Infusing fraternité (non-gendered familial comradery?) with animism in the economic realm could result in more considerate and less exploitive behavior with regard to other creatures and natural features, that they are recognized as fellow citizens of this planet as well as legal persons and that they have a stake in thriving in a sustainable natural economy. Humans would return to something more in harmony with the natural order of things and no longer see ourselves as completely entitled to everything we want, no matter what effect it has on anyone else. We would have to communicate with and treat with the other terrestrial intelligences on this planet.
So these are ideas to kick around as foundational as we pursue necessary practical strategies such as renewable energy, lowering our carbon footprint, ending military pollution, and so on.
Humans: Rouge Species or Lemmings and Zombie Ants?
Right now, it’s as if humanity acts on the rest of the Earth’s species just as the U.S. acts on the rest of the countries of the world: greedy, grabby, exploitive, entitled, endlessly destructive, and heedless of consequence. A rogue nation and a rogue species if ever there was one.
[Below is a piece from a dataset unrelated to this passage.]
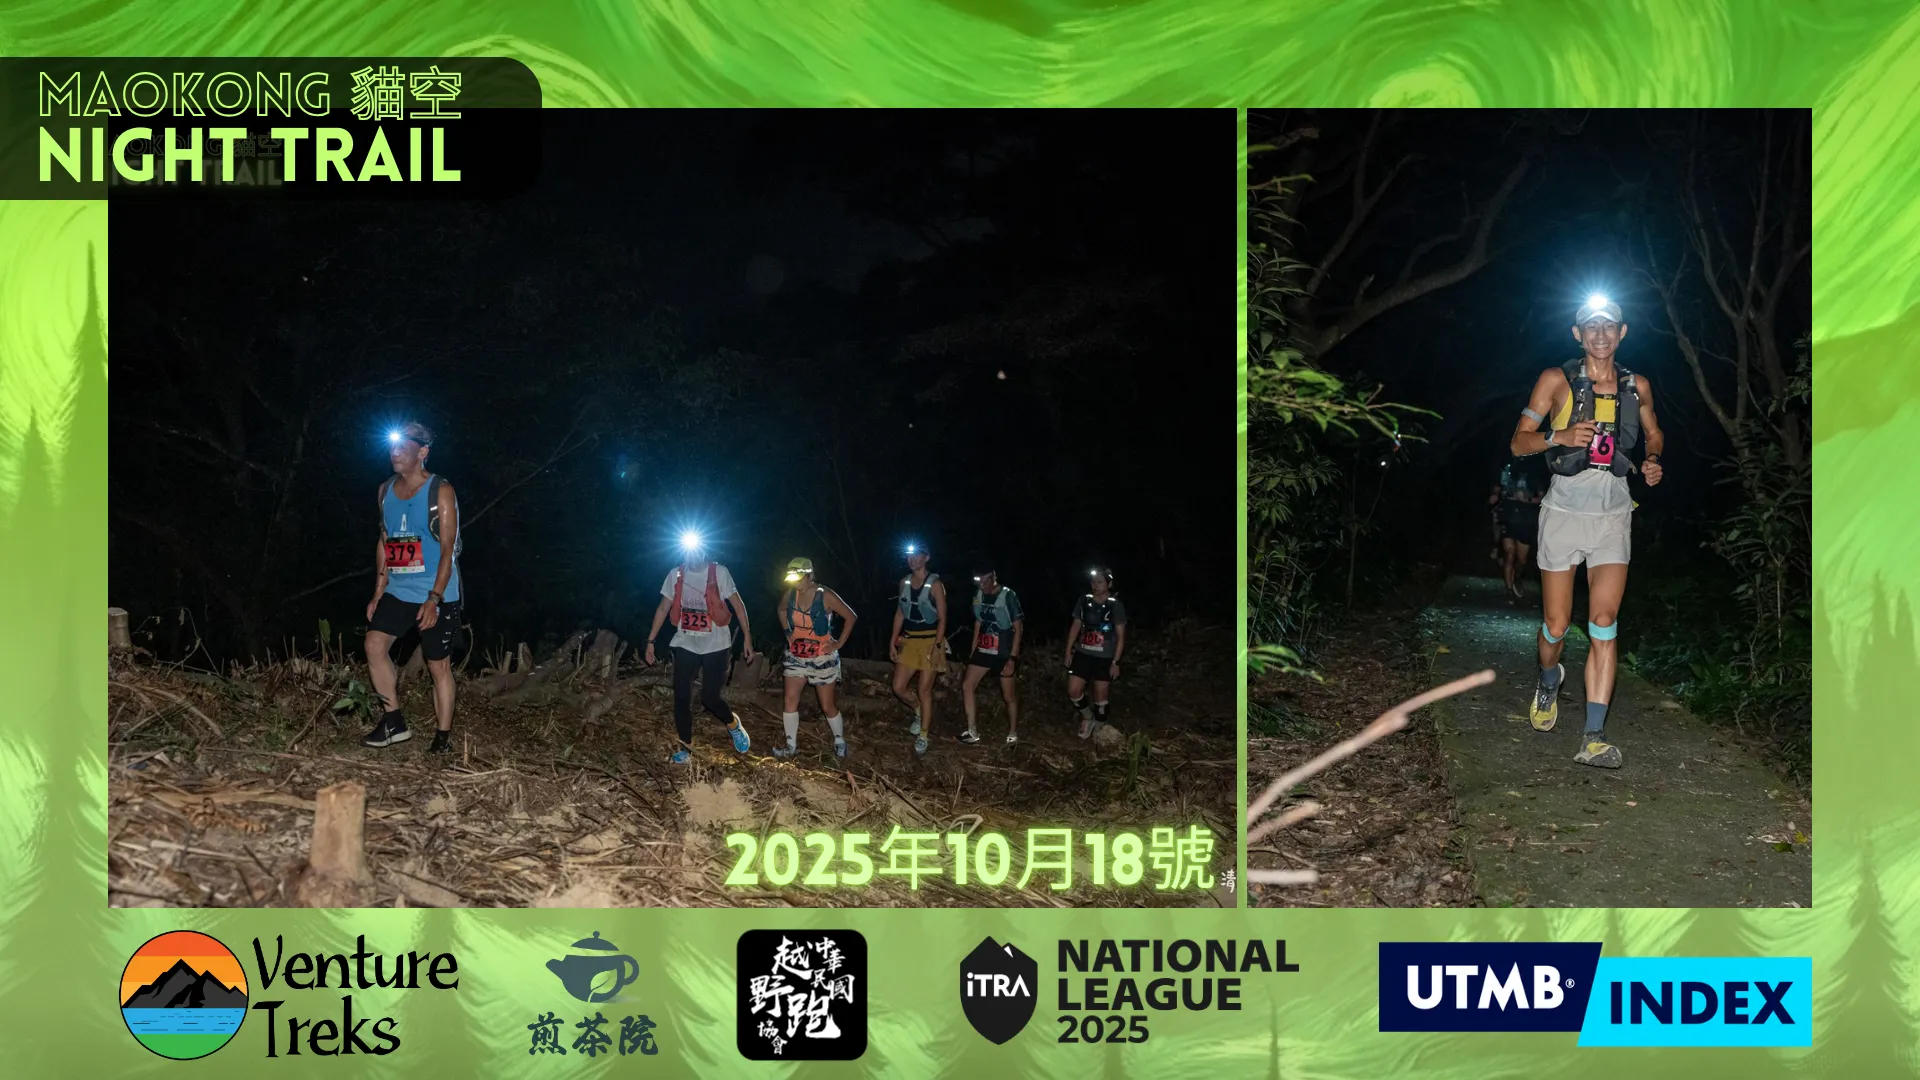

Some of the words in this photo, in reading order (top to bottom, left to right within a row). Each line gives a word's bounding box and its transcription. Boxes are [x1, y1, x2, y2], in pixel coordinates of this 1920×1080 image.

[388, 544, 416, 561] 379
[683, 613, 708, 628] 325
[792, 643, 815, 655] 324
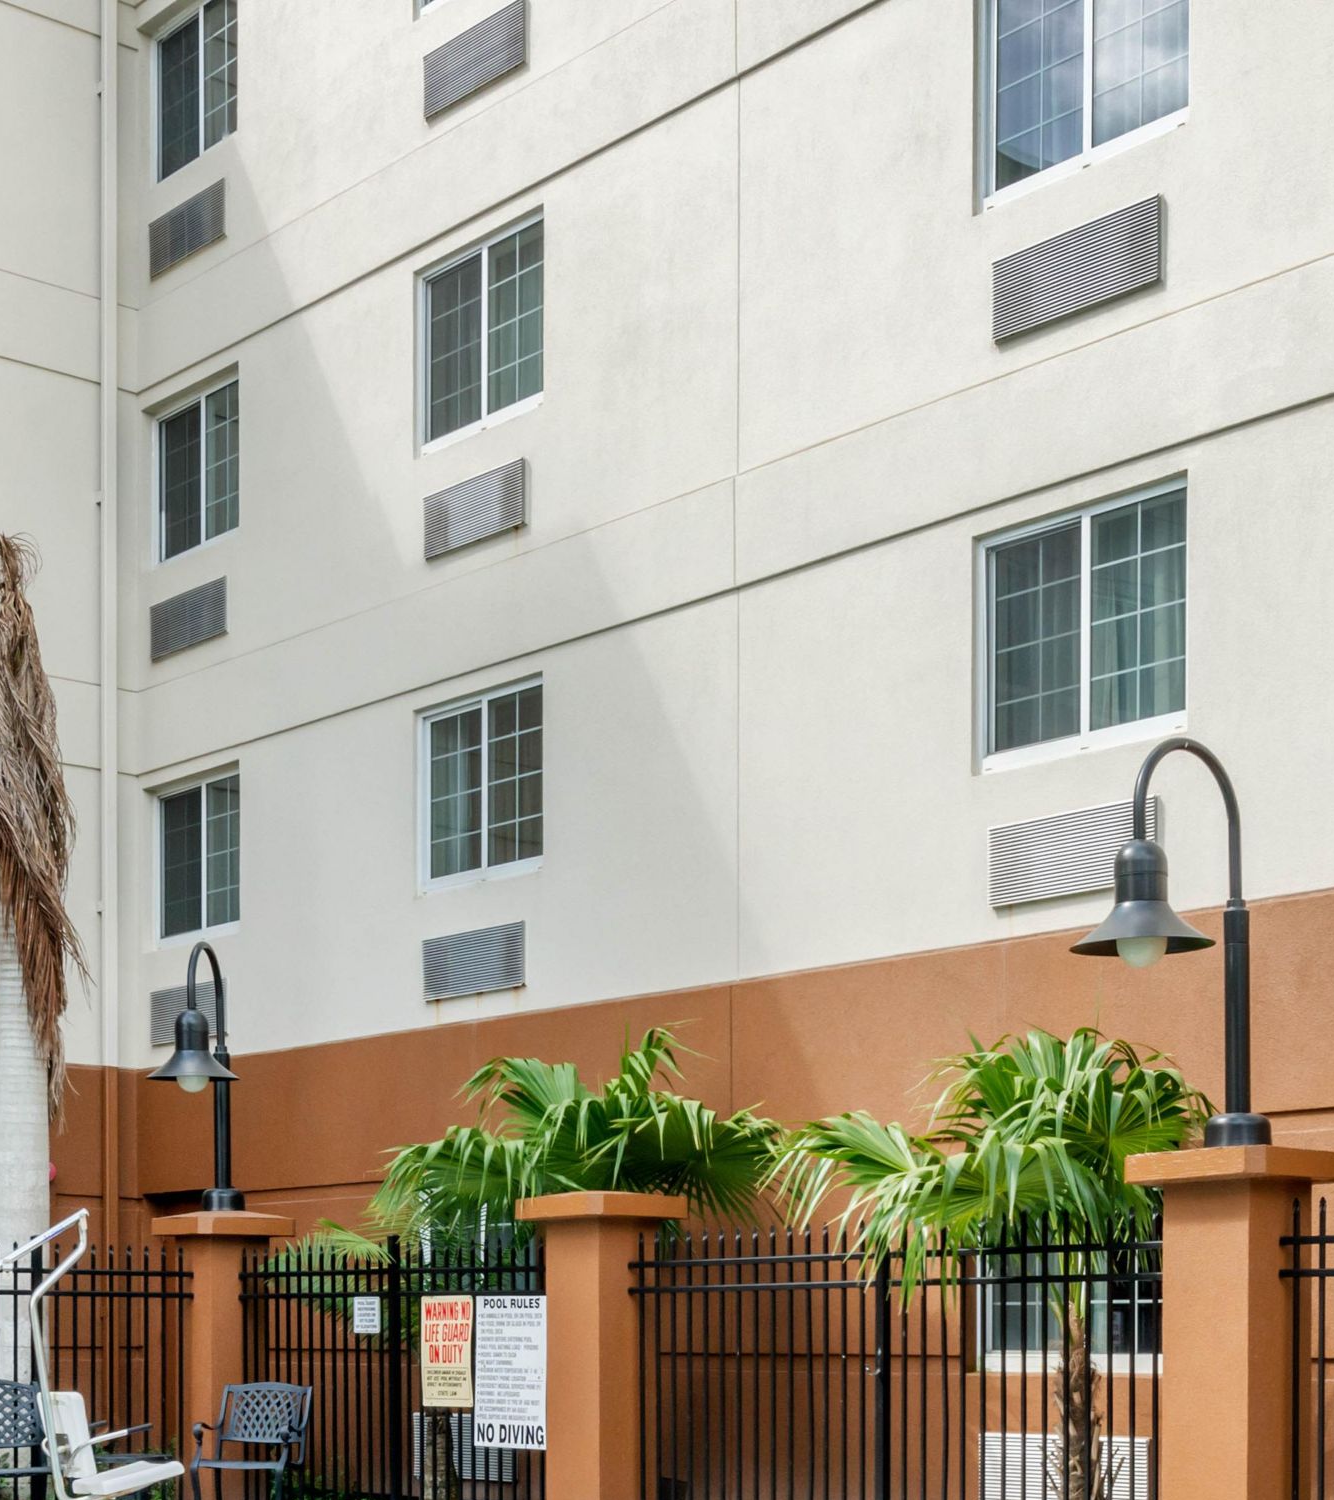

While everyone alive right now (especially in “developed” countries) must take individual actions to decrease complicity and perpetuation of climate change, the elders, thinkers, inventors of this world who are working on solutions to climate catastrophe (such as the folk who present at Bioneers conferences) need to quit patting themselves on the back as elite “thought leaders” (as so many do) and spend much more time in the trenches with young people such as Greta Thunberg. Pass on what you know. Get the kids access to conventions, forums, the United Nations, and executive board rooms. Use your own privilege to grant them as much access as possible to other thought-leaders, policy-makers, Use your platform to get their voices to the general public. (And make sure it’s not just white, cis kids either, okay?)
And in turn, each young person alive today could in turn represent a bee colony, a flower species, a forest, a mountain, or a stream, and as their representative give them a voice in conventions, forums, the United Nations…
Meanwhile, someone teach these kids how to make fire without a match, please. They may need this where we’re going.